En el sector logístico, Murchinson señaló como oportunidades la licitación de la hidrovía, la privatización del Belgrano Cargas y los nuevos corredores viales, todas obras que históricamente hacía el Estado y que ahora se licitan al sector privado.
Mariano Bosch, CEO de Adecoagro, contó que hace cuatro o cinco años dejó de venir a Nueva York porque los inversores no lo recibían. “Ahora decís ‘voy a ir, ¿te puedo ver?’ y te dicen ‘dale’. Eso cambió así”, dijo, y agregó que la compañía está mirando inversiones que antes no podía ni soñar. Bosch señaló la producción de urea —la Argentina consume 3 millones de toneladas y produce apenas 1,3 millones— y la lechería como dos oportunidades concretas donde el país puede multiplicar su producción y competir globalmente, aprovechando la energía barata de Vaca Muerta para procesar alimentos con mayor eficiencia.
“El virus argentino”
Alec Oxenford, embajador argentino en Estados Unidos, dijo que en el Departamento de Estado le hablan del “virus argentino”: algo que infecta todas las conversaciones en Washington y en Wall Street. “Hoy hablamos con los CEOs globales de las compañías que admiran al presidente Milei. Es muy difícil que un CEO global de una compañía importante del mundo hable con admiración de políticos. Extraordinariamente difícil. Acá es al revés: no hablo con ninguno que no hable con admiración del presidente Milei”, afirmó Oxenford.

Manuel Adorni, jefe de Gabinete, cerró el evento con un mensaje dirigido a los empresarios presentes.
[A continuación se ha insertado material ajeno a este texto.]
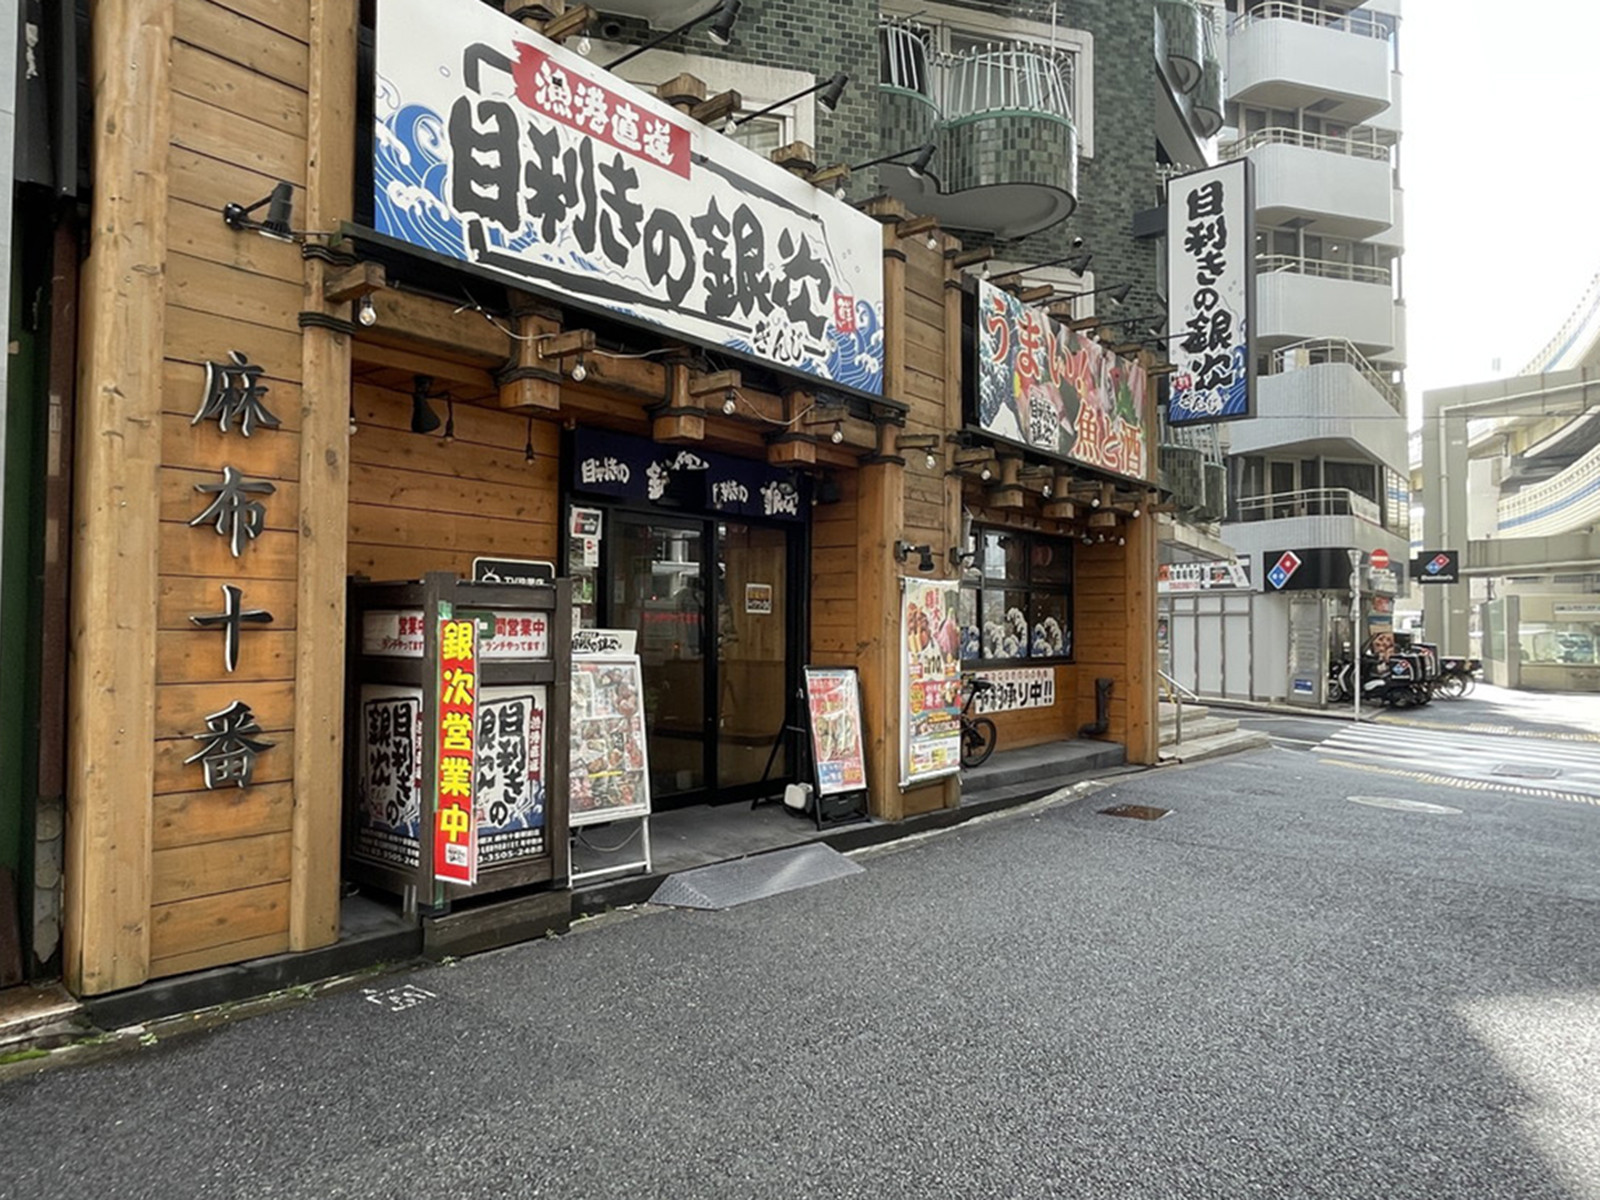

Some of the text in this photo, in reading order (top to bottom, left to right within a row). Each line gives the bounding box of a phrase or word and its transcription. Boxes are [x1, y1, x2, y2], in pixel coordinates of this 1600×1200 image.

Sumó que al abrir el Argentina Week el lunes sintió por primera vez que los inversores estaban convencidos de que el programa económico es sostenible, y les pidió que colaboren en lo que llamó la batalla cultural.
“Ayúdennos a contar por qué está bien que al empresario le vaya bien. Ayúdennos a contar por qué cuando al empresario le va bien, a la gente le va bien”, sostuvo, y agregó que la Argentina viene “bastardeada en términos de ideas desde hace 100 años”.